**WHAT YOU NEED TO DO**
Below are some entries. Transcribe the lines from the one holding "this 1920×1080 image." to the one holding "this 1280×1280 image.", inclusive, but not the pictures among them.

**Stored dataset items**
========================================
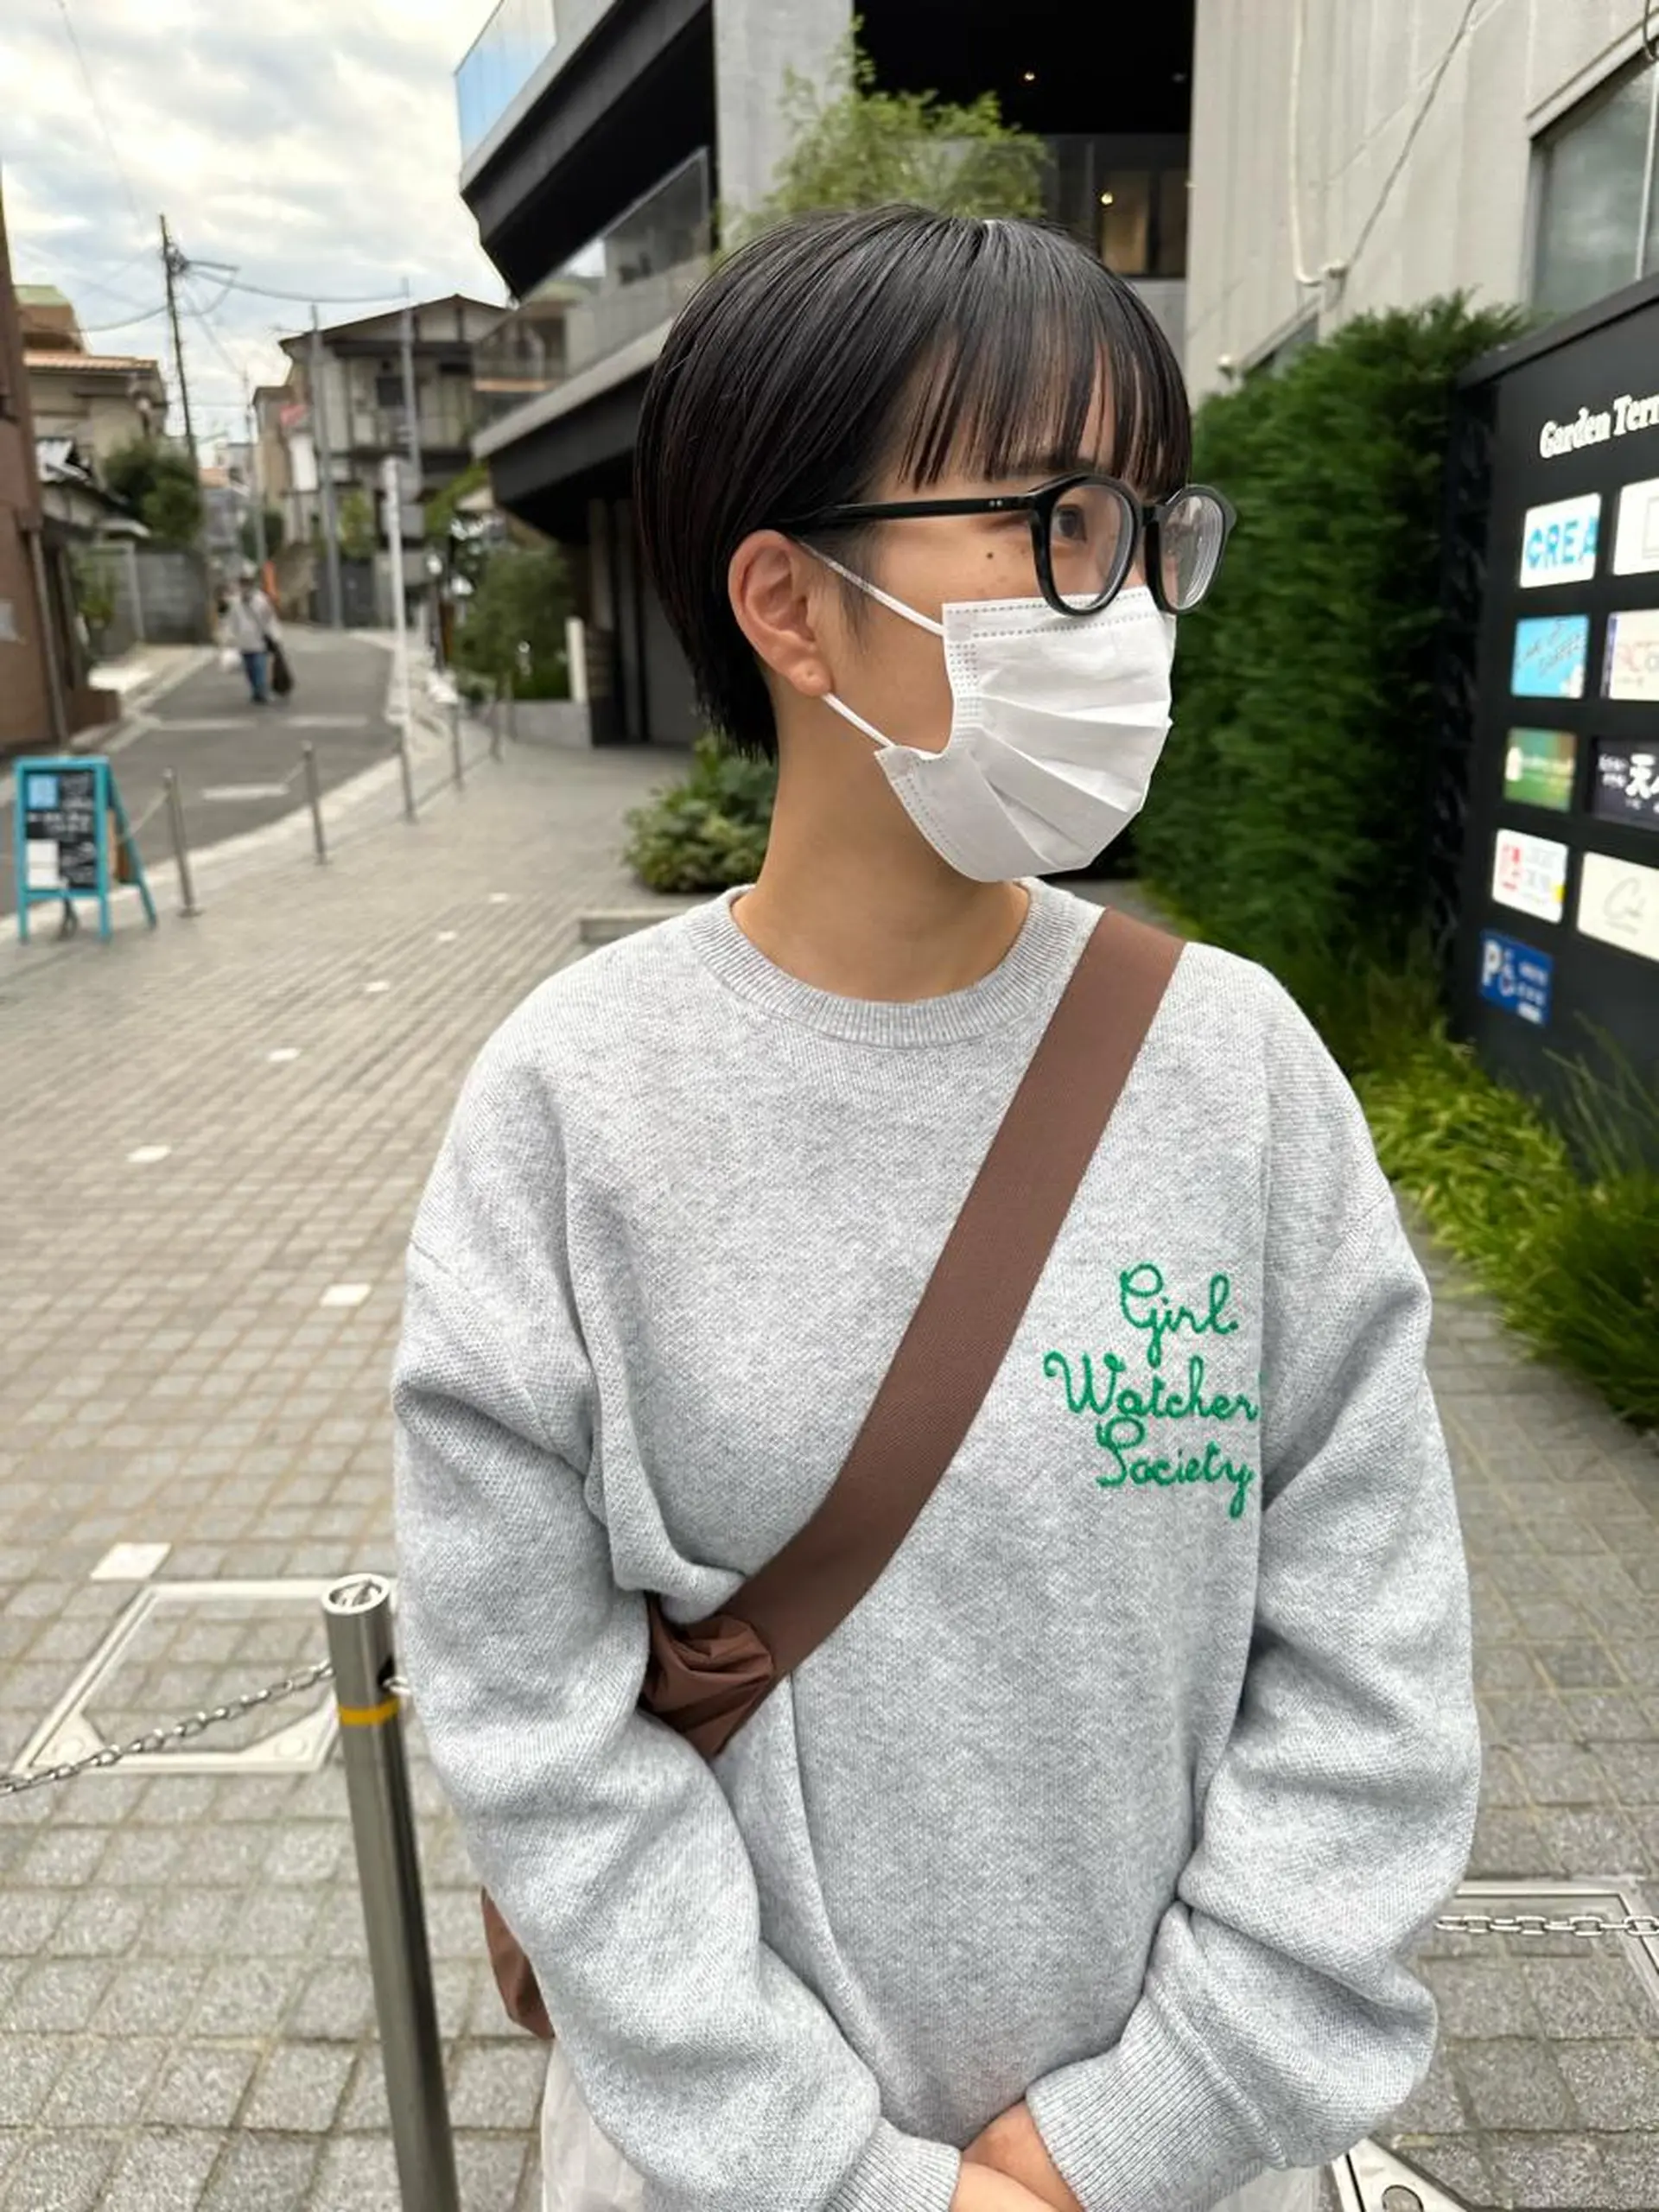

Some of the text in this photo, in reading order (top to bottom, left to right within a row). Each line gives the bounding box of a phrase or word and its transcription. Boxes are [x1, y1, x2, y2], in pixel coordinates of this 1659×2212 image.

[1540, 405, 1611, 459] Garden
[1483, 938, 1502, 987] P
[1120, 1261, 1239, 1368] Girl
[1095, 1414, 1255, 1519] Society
========================================
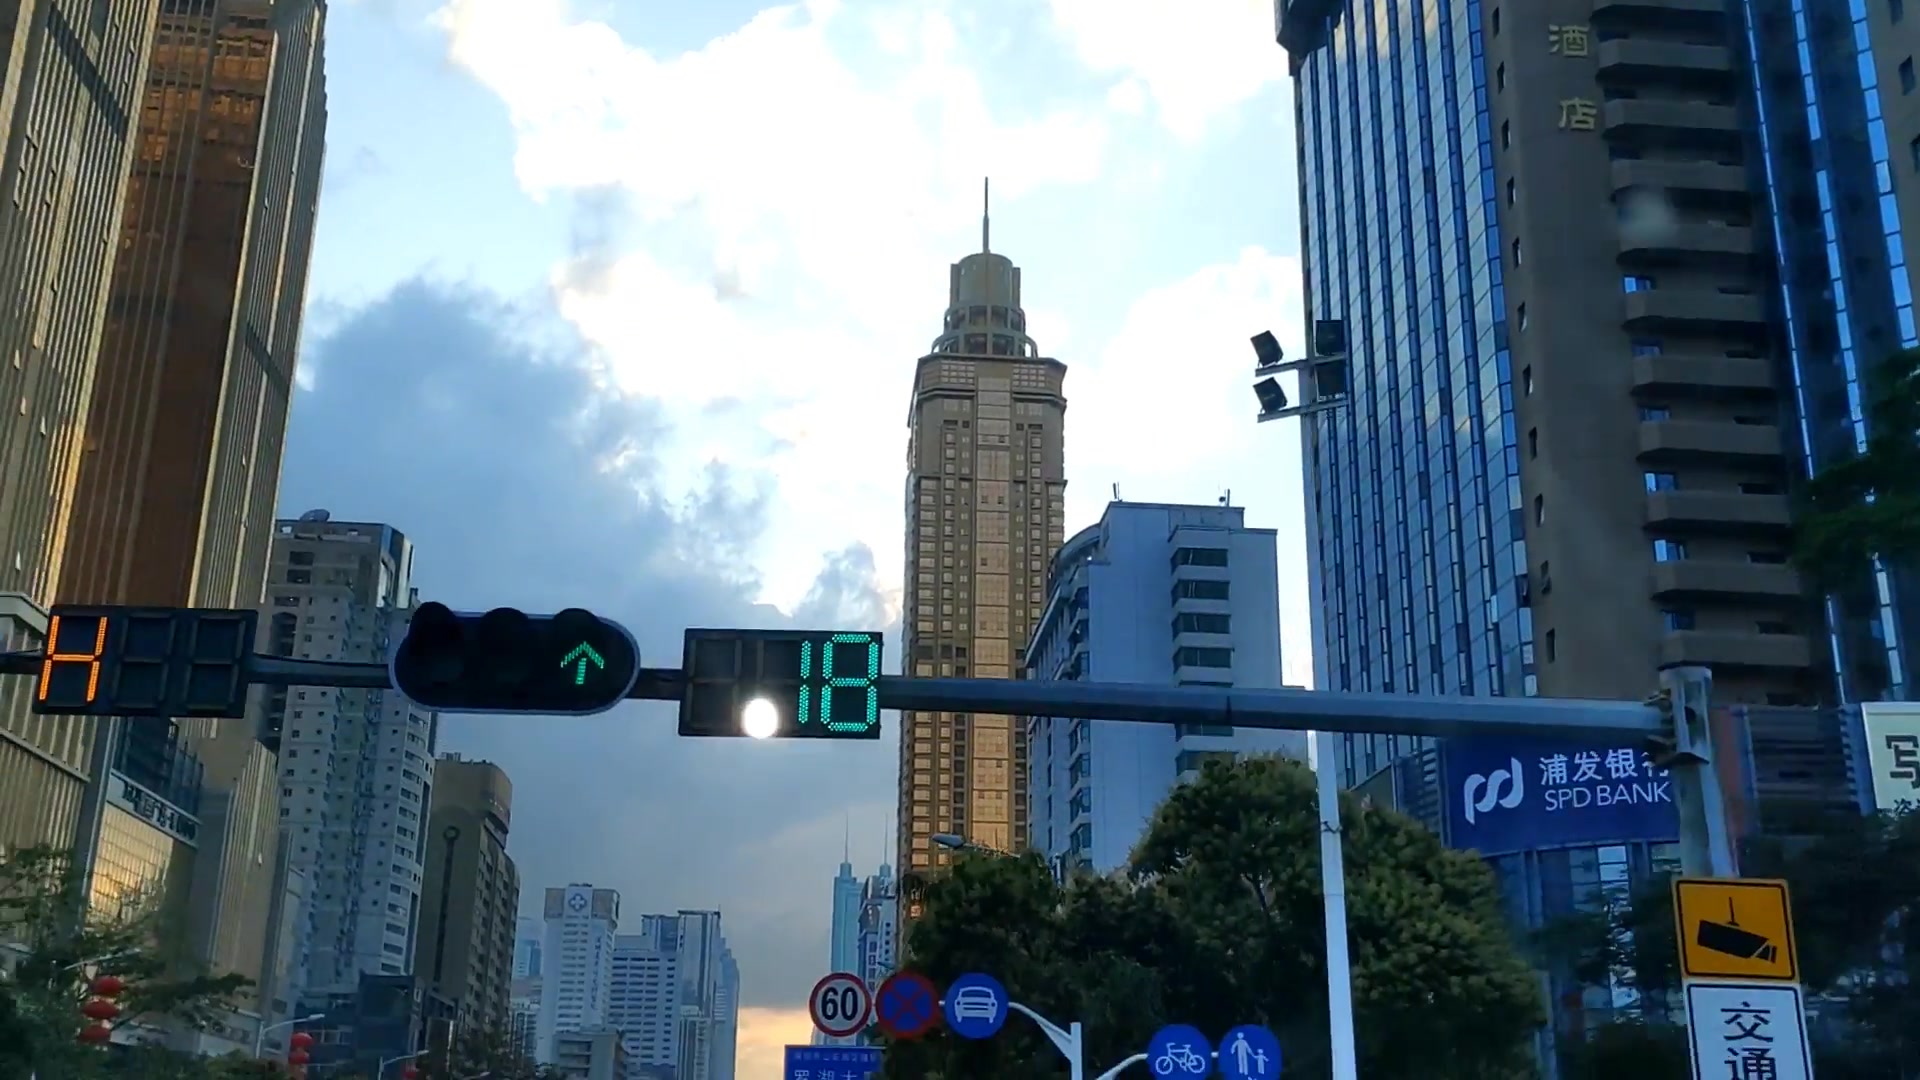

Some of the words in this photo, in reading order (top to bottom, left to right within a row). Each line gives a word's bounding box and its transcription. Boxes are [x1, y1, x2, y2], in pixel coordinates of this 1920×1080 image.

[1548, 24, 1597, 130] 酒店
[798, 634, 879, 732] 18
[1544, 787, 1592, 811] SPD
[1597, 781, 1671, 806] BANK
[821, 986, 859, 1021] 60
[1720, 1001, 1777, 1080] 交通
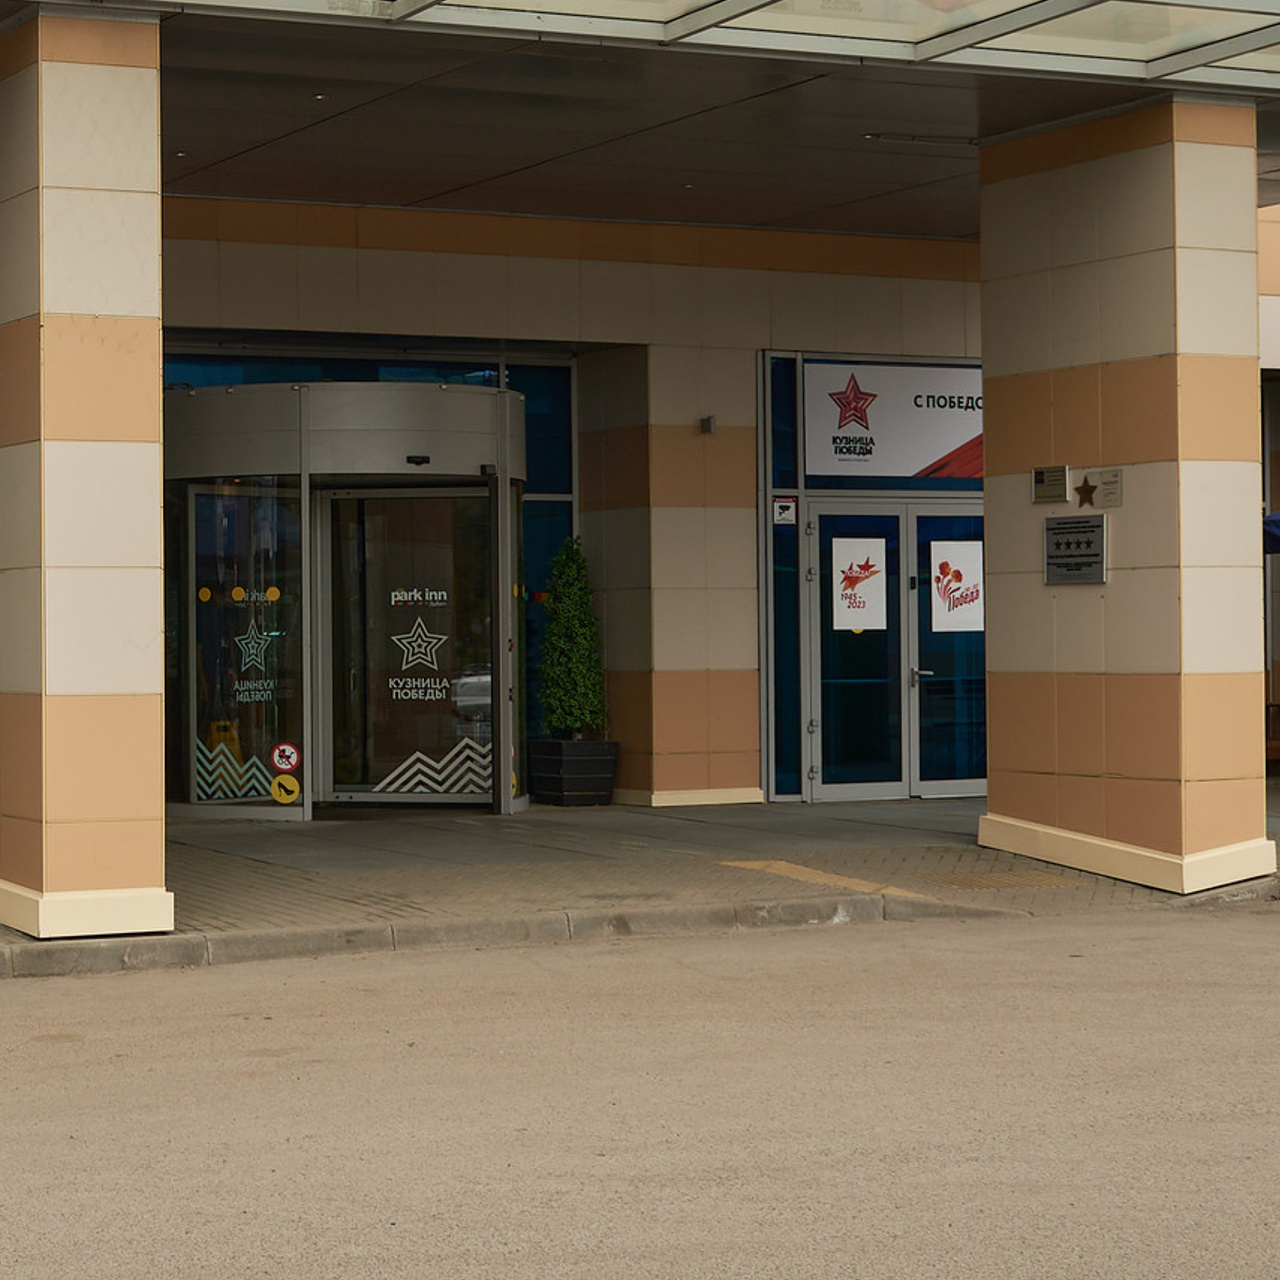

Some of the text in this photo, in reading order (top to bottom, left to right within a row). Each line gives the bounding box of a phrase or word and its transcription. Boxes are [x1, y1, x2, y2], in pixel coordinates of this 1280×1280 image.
========================================
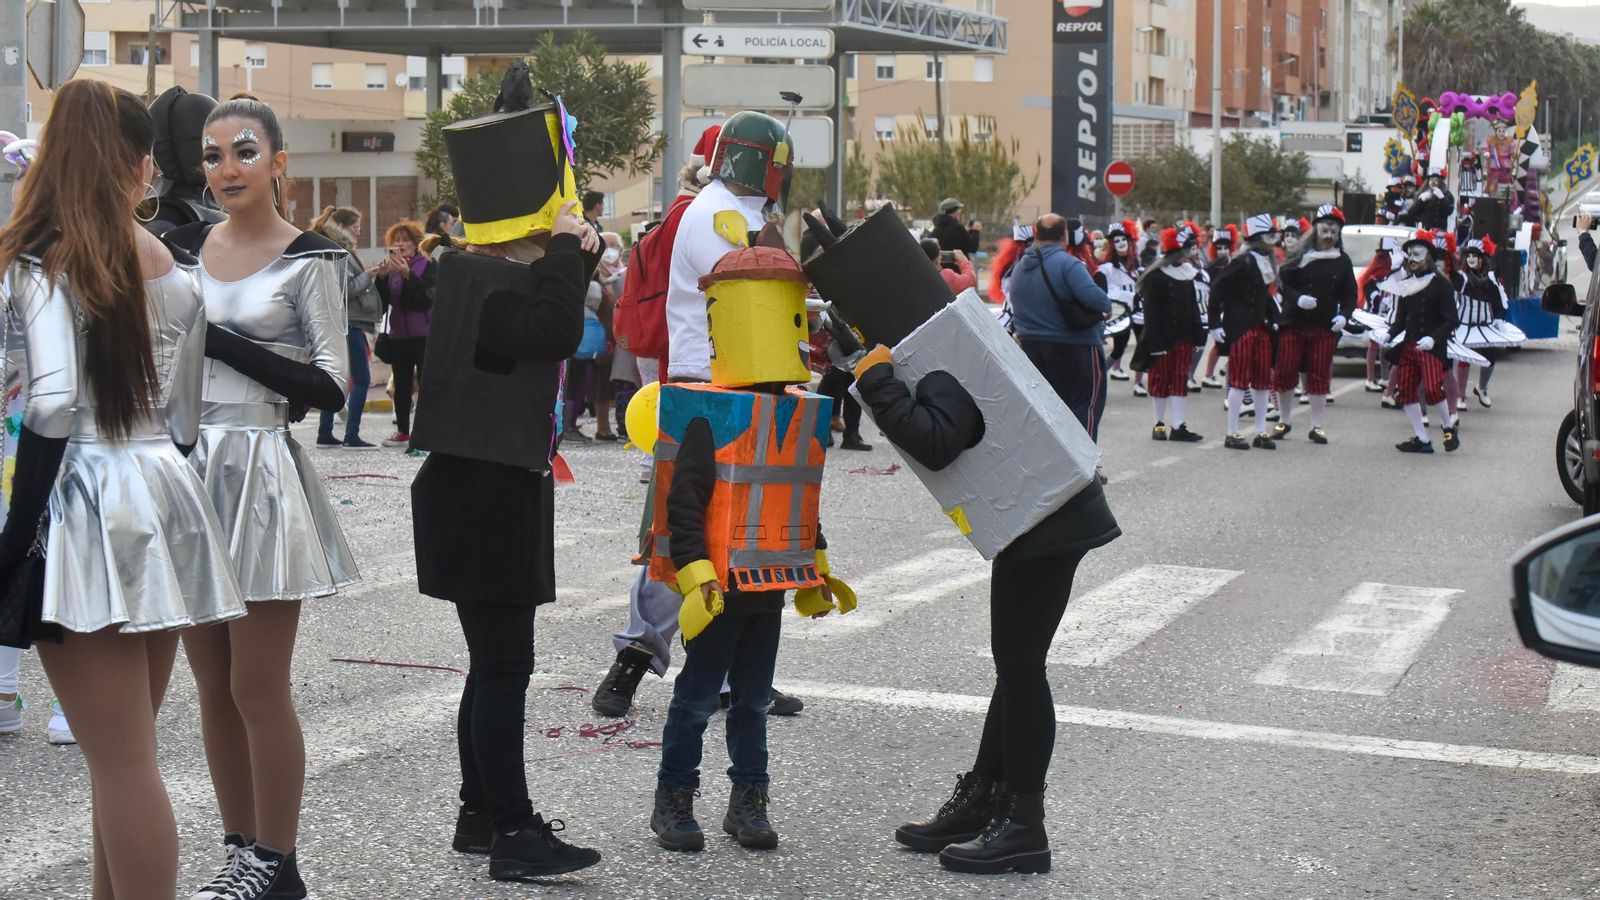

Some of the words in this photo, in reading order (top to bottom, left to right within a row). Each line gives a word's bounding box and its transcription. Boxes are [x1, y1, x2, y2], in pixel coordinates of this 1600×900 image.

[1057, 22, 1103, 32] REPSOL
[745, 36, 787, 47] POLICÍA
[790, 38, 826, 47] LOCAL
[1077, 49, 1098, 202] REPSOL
========================================
**SOLVED EXERCISE**
Some of the words in this photo, in reading order (top to bottom, left to right within a row). Each line gives a word's bounding box and its transcription. Boxes are [x1, y1, x2, y2], in pixel coordinates of this 1920×1080 image.

[1548, 24, 1597, 130] 酒店
[798, 634, 879, 732] 18
[1544, 787, 1592, 811] SPD
[1597, 781, 1671, 806] BANK
[821, 986, 859, 1021] 60
[1720, 1001, 1777, 1080] 交通

Some of the text in this photo, in reading order (top to bottom, left to right within a row). Each line gives the bounding box of a phrase or word and its transcription. Boxes are [x1, y1, x2, y2], in pixel coordinates of this 1280×1280 image.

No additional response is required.